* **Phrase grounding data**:
-------------------------

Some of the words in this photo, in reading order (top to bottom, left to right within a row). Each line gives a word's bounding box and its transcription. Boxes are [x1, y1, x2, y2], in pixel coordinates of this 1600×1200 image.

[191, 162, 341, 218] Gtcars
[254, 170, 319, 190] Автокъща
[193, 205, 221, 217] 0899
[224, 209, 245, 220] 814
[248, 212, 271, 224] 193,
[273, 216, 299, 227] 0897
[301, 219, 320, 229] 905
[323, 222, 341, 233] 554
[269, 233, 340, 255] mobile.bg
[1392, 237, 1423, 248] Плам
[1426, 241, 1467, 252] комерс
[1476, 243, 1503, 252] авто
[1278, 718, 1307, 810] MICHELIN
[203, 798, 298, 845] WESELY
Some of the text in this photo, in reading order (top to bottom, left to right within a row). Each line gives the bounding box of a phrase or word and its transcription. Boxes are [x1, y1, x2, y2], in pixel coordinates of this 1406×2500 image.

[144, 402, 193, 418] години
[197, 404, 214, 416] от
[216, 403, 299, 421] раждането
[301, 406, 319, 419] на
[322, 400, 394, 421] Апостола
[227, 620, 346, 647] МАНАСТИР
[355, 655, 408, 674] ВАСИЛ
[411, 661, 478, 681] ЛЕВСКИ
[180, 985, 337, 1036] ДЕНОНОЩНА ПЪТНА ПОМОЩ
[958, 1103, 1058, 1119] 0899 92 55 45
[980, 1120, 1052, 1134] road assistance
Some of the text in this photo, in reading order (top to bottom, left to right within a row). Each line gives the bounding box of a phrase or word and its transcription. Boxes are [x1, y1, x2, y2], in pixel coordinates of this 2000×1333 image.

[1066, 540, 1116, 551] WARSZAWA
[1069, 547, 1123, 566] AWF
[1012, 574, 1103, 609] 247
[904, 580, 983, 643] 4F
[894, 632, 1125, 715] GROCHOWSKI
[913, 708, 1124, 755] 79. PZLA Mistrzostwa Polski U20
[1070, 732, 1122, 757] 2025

-------------------------

* **Exercise prompt**:
Go through the records and print each one exactly.

* **Exercise result**:
Some of the words in this photo, in reading order (top to bottom, left to right within a row). Each line gives a word's bounding box and its transcription. Boxes are [x1, y1, x2, y2], in pixel coordinates of this 1600×1200 image.

[191, 162, 341, 218] Gtcars
[254, 170, 319, 190] Автокъща
[193, 205, 221, 217] 0899
[224, 209, 245, 220] 814
[248, 212, 271, 224] 193,
[273, 216, 299, 227] 0897
[301, 219, 320, 229] 905
[323, 222, 341, 233] 554
[269, 233, 340, 255] mobile.bg
[1392, 237, 1423, 248] Плам
[1426, 241, 1467, 252] комерс
[1476, 243, 1503, 252] авто
[1278, 718, 1307, 810] MICHELIN
[203, 798, 298, 845] WESELY
Some of the text in this photo, in reading order (top to bottom, left to right within a row). Each line gives the bounding box of a phrase or word and its transcription. Boxes are [x1, y1, x2, y2], in pixel coordinates of this 1406×2500 image.

[144, 402, 193, 418] години
[197, 404, 214, 416] от
[216, 403, 299, 421] раждането
[301, 406, 319, 419] на
[322, 400, 394, 421] Апостола
[227, 620, 346, 647] МАНАСТИР
[355, 655, 408, 674] ВАСИЛ
[411, 661, 478, 681] ЛЕВСКИ
[180, 985, 337, 1036] ДЕНОНОЩНА ПЪТНА ПОМОЩ
[958, 1103, 1058, 1119] 0899 92 55 45
[980, 1120, 1052, 1134] road assistance
Some of the text in this photo, in reading order (top to bottom, left to right within a row). Each line gives the bounding box of a phrase or word and its transcription. Boxes are [x1, y1, x2, y2], in pixel coordinates of this 2000×1333 image.

[1066, 540, 1116, 551] WARSZAWA
[1069, 547, 1123, 566] AWF
[1012, 574, 1103, 609] 247
[904, 580, 983, 643] 4F
[894, 632, 1125, 715] GROCHOWSKI
[913, 708, 1124, 755] 79. PZLA Mistrzostwa Polski U20
[1070, 732, 1122, 757] 2025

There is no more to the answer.